The Last Note of Warning

Katharine Schellman's third Prohibition-era mystery, The Last Note of Warning, is as jazzy and intriguing as the Charleston dance steps beloved by its protagonist, Vivian Kelly. Working as a dress delivery girl by day and a speakeasy server at the Nightingale by night, Vivian is stunned to find herself accused of murdering a wealthy client's husband. With one week to find the real killer before she's hauled off to jail, Vivian digs into the victim's life. Her investigation leads straight back to the Nightingale--and its alluring proprietor, Honor Huxley.

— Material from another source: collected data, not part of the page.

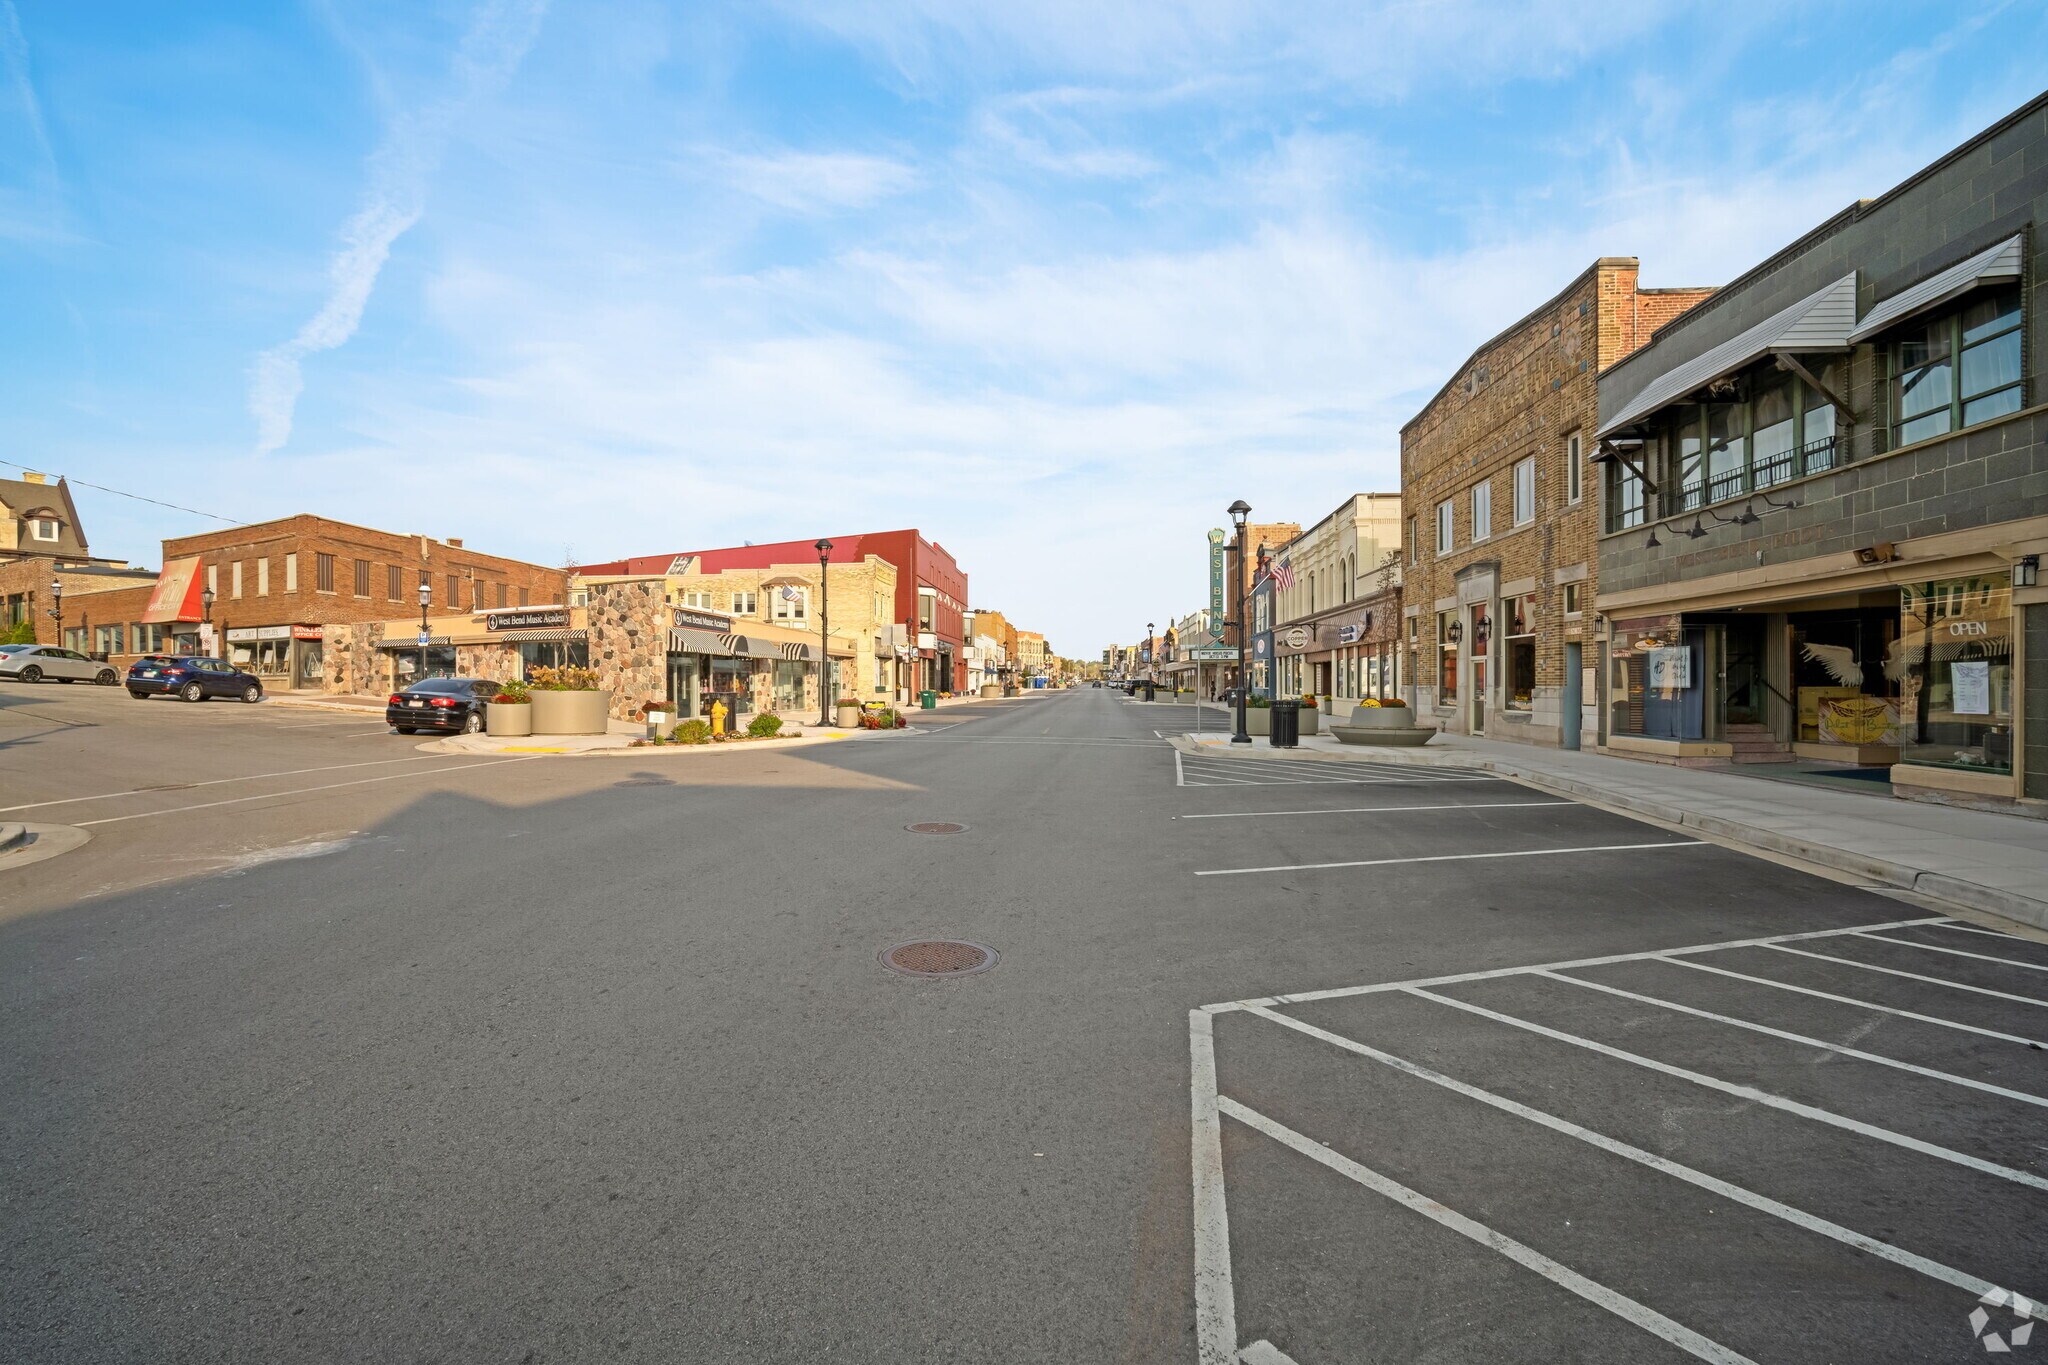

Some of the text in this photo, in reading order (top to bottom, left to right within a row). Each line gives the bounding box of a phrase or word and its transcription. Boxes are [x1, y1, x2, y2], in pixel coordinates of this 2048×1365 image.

[1212, 535, 1222, 632] WEST BEND
[498, 616, 511, 625] West
[511, 614, 525, 625] Bend
[526, 613, 543, 624] Music
[682, 613, 730, 631] West Bend Music Academy
[1950, 622, 1987, 636] OPEN
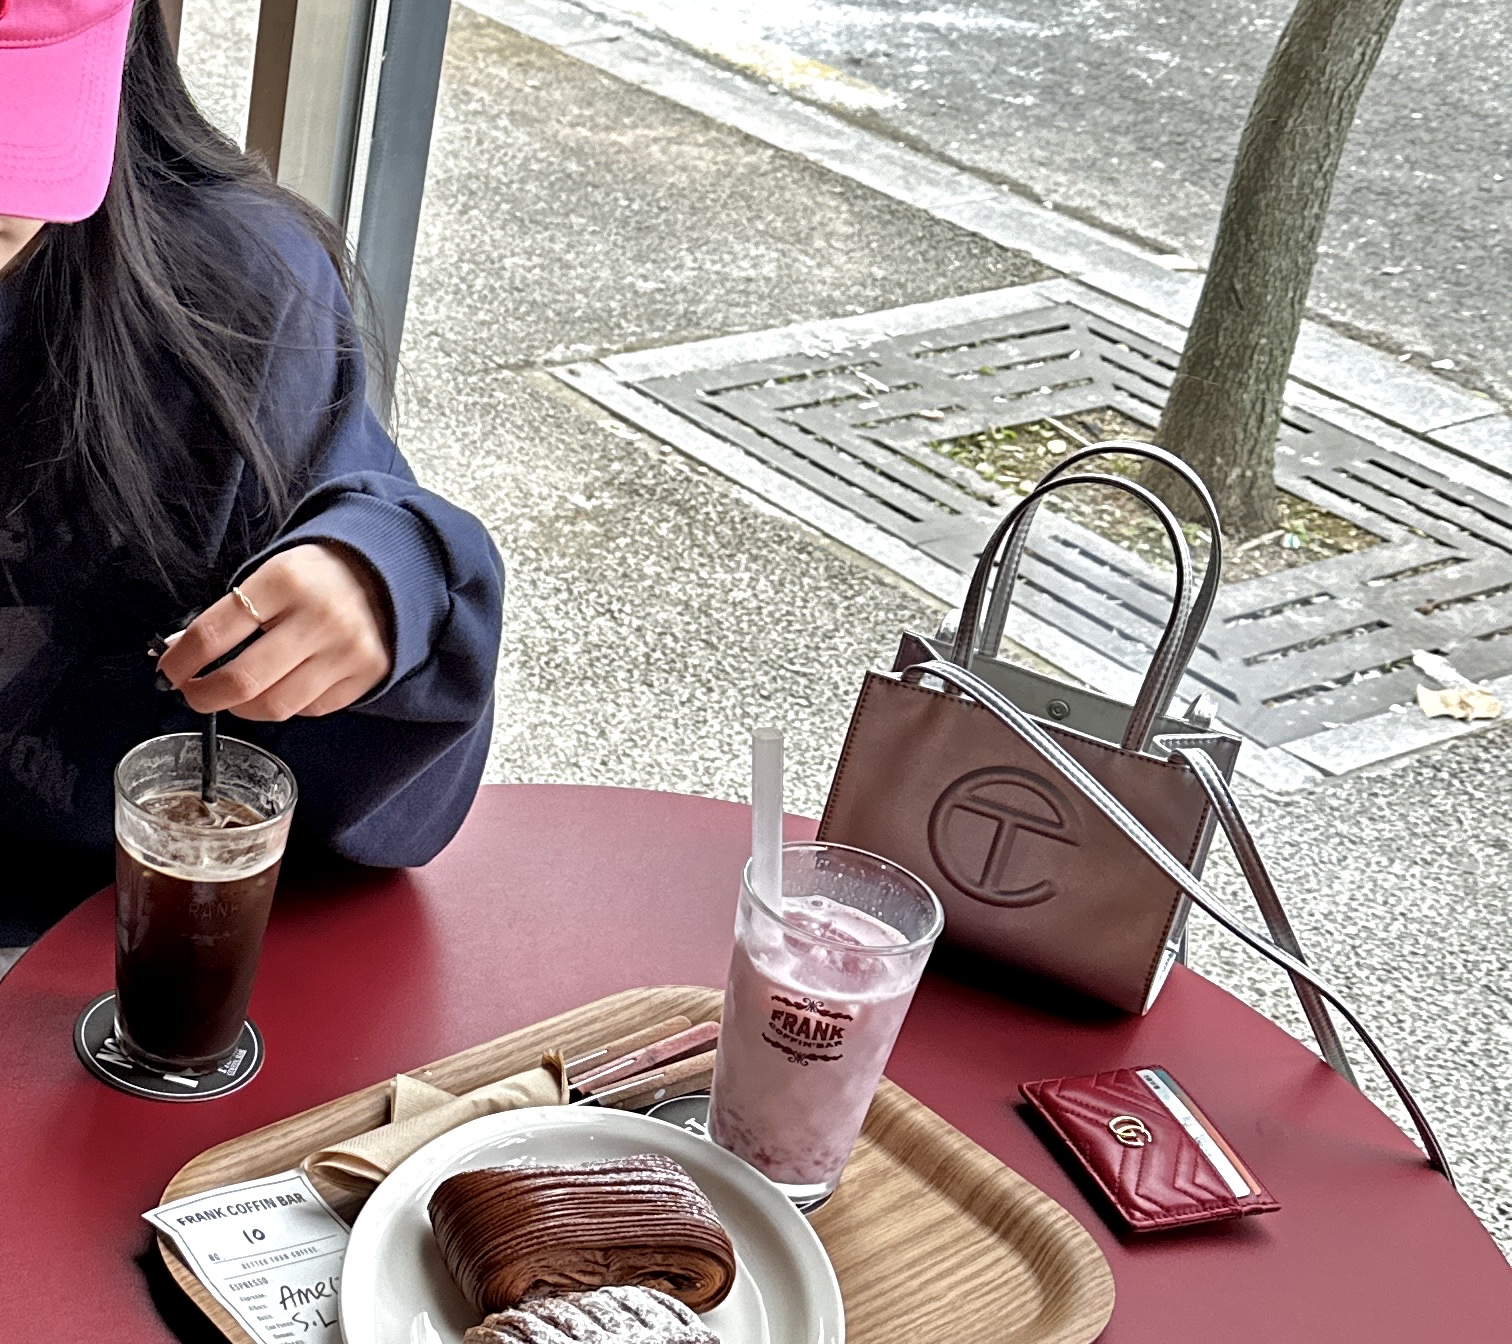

Schellman (The Last Drop of Hemlock) turns up the volume on her Jazz Age setting: dazzling beaded dresses, intoxicating cocktails, seductive tunes (sung by Vivian's best friend, Bea, on the Nightingale's stage). But she also delicately explores the nuances of Vivian's relationships with those she loves: Bea, willing to help Vivian but convinced her friend's tactics will get them both arrested; Vivian's sister, Florence, now married and living in Chinatown but still protective of her little sister; and Vivian's not-quite boyfriend, Leo, a bootlegger whose family connections to the police commissioner make it difficult for him to help her. Honor's ties to the victim also leave Vivian wondering whom she can trust. As she chases down clues from Harlem to Brooklyn, Vivian must also face her own fears of being abandoned and make difficult choices about trust and forgiveness.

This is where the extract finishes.